[What to work on]
Where a picture appears, omit it; repeat everything else in the records exactly.

[Data provided]
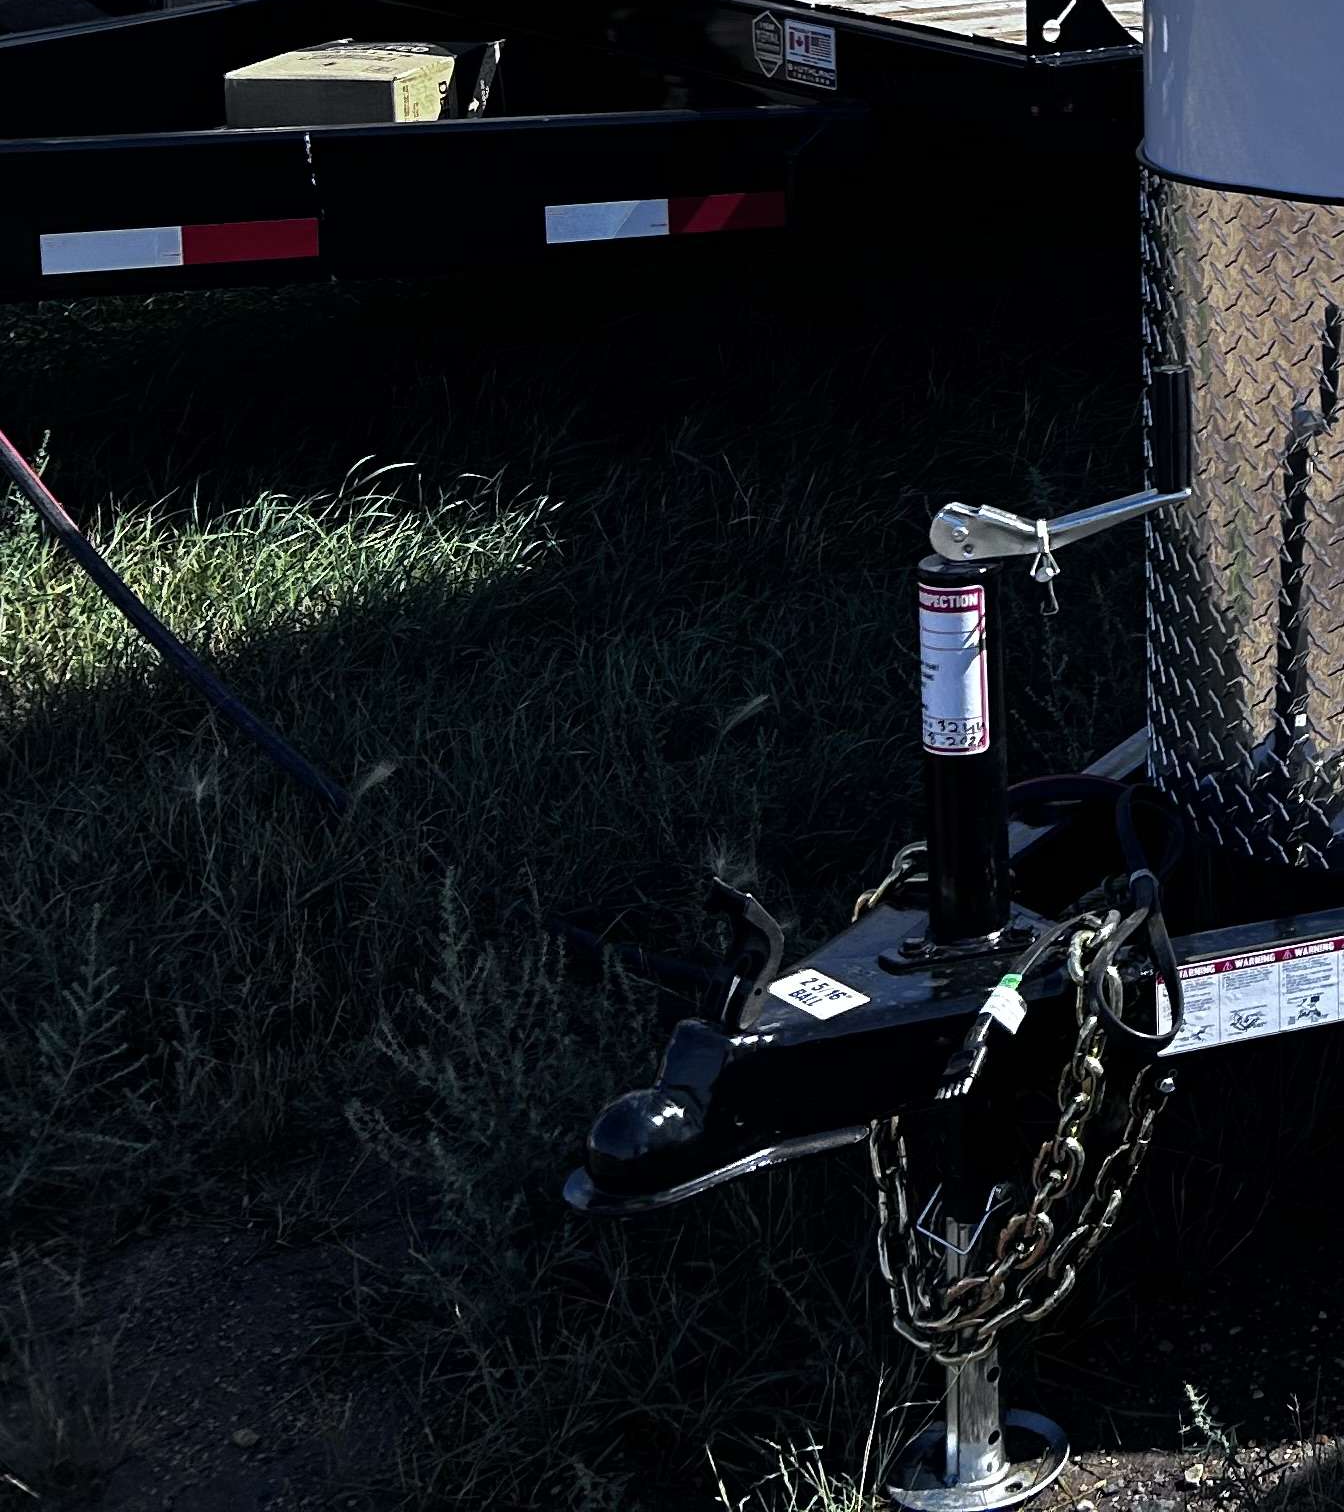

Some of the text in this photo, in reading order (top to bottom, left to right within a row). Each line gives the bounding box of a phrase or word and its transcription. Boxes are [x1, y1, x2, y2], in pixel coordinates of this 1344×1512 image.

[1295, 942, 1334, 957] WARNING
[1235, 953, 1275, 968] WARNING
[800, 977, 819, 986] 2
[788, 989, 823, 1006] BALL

[Answer to the exercise]
Some of the text in this photo, in reading order (top to bottom, left to right within a row). Each line gives the bounding box of a phrase or word and its transcription. Boxes are [x1, y1, x2, y2], in pixel coordinates of this 1344×1512 image.

[1295, 942, 1334, 957] WARNING
[1235, 953, 1275, 968] WARNING
[800, 977, 819, 986] 2
[788, 989, 823, 1006] BALL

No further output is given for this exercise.